III. The scope of information to be provided by facilities triggered for declaration under the future Protocol

During the work of the Ad Hoc Group it has often been stated that declarations in the future Protocol need to be carefully focused to provide transparency of those activities and facilities most relevant to the provisions of the Convention. In this way the system of declarations will provide the maximum stimulus to confidence in compliance whilst incurring the minimum administrative burden and cost for States Parties and their declarable facilities, and for the future Organization under the Convention. This could be achieved in two ways. First, by ensuring that the set of triggers captures the types of facility most relevant to the Convention. Secondly, by ensuring that the information required from each facility is not unnecessarily detailed or intrusive, but is sufficiently broad and detailed to achieve

BWC/AD HOC GROUP/WP.215
page 3

the objective - to build confidence that the facility in question is engaged only in activities legitimate under the Convention.

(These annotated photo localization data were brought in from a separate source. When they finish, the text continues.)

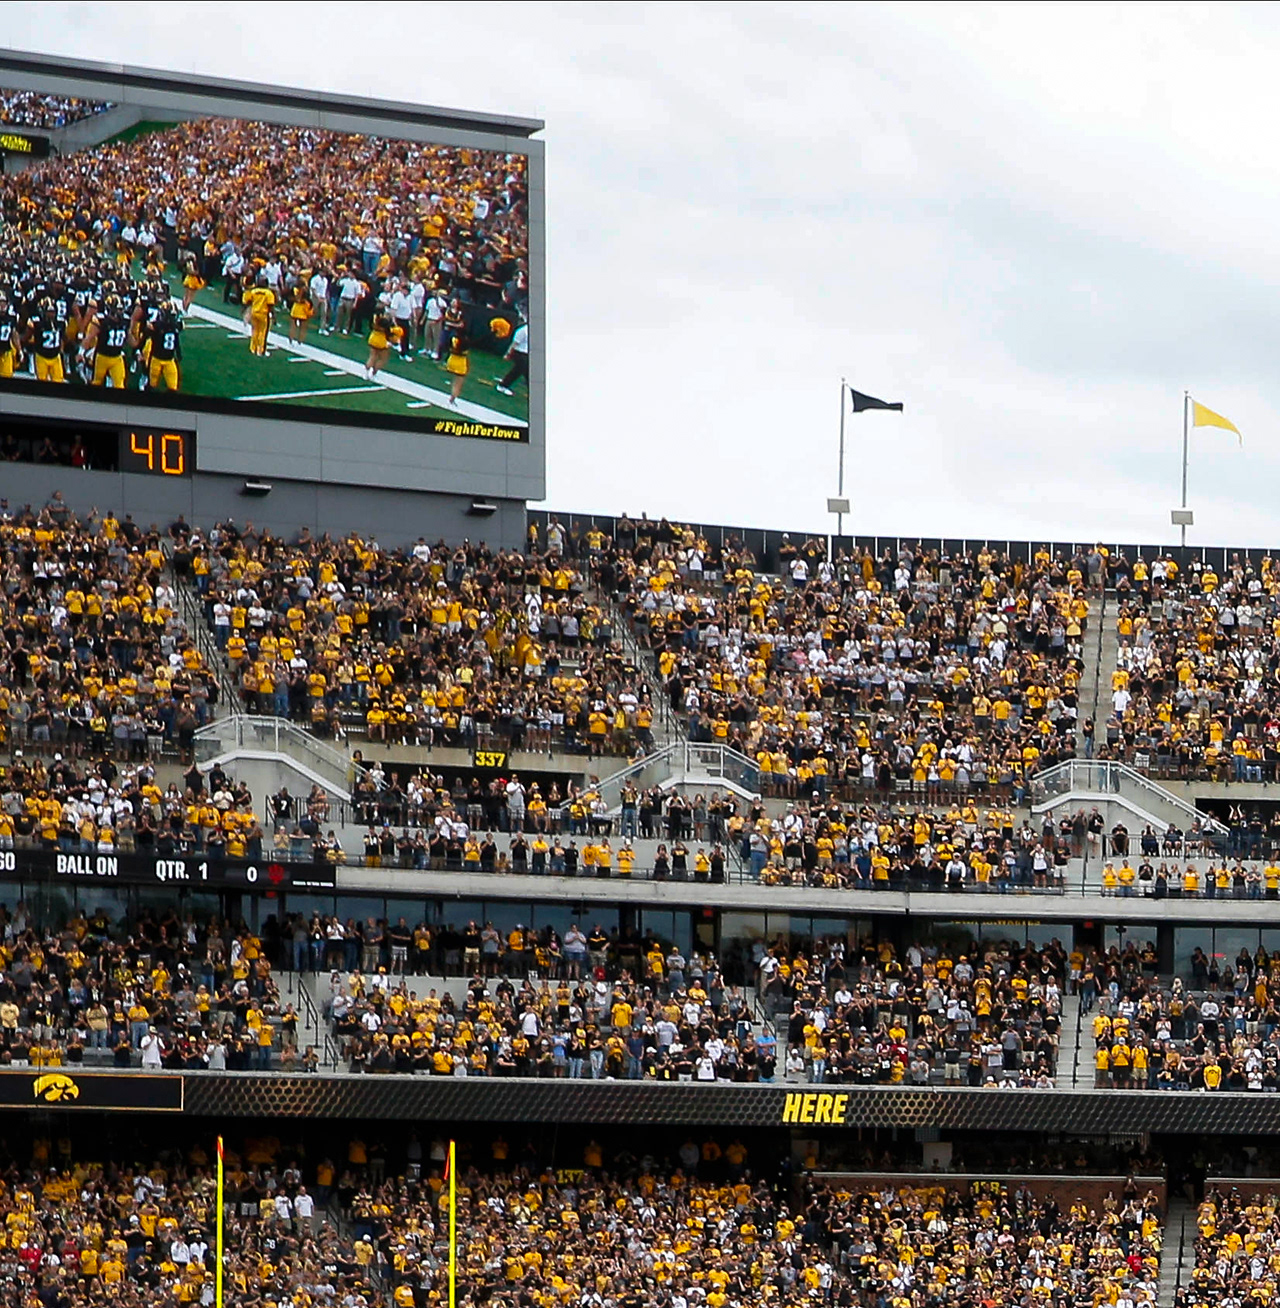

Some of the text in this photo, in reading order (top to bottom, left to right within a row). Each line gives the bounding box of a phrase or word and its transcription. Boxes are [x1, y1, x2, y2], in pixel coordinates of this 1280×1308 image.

[42, 331, 60, 348] 21
[164, 333, 175, 350] 8
[434, 421, 520, 440] #FightForIowa
[131, 432, 184, 475] 40
[476, 751, 505, 767] 337
[57, 854, 118, 876] BALL ON
[156, 860, 207, 880] QTR. 1
[247, 868, 257, 882] 0
[782, 1093, 848, 1123] HERE

The scientific and technical activities with potential relevance to the provisions of the BWC are inherently more diffuse than the activities that need to be addressed in arms control regimes for nuclear or chemical weapons. This breadth of scope is reflected in the range of technical activities that are being discussed by the Ad Hoc Group in the context of potential declaration triggers. The other respect in which compliance monitoring under the BWC is distinct arises from the ability of micro-organisms to reproduce: this means that the use of mass balance (quantitative) principles in compliance monitoring is of considerably less value than where nuclear or chemical items are concerned. It follows that to build confidence, declarations under the BWC need to place more emphasis on the qualitative nature and context of the activities of the facility as a whole, rather than focusing on amounts of agents produced or handled. Proposals put forward already in the Ad Hoc Group that declarations should include information on key aspects of the facility such as the ownership, main areas of activity, existence of biocontainment capabilities, and presence of specified items of equipment, are consistent with this philosophy.

IV. Information that could be declared about activities outside the triggered facility but within the boundary of the site

Given the need for declarations to inform about the overall nature of the activities and capabilities of a facility, if the BWC declaration regime is to be equable it is important that the same scope of information should be provided whether a facility is self sufficient or whether some of its essential scientific or support functions are carried out elsewhere on the site. This may mean that in some cases information should be provided about activities on the site outside the strict confines of the specific facility.

Equally, where the declaring facility is self sufficient but the site is larger than the facility, it would build confidence if outline information were in any case to be provided about other facilities on the site active in scientific and technical fields relevant to the provisions of the Convention. This transparency would be an acknowledgement of the potential for other such facilities on the site to interact with the declaring facility.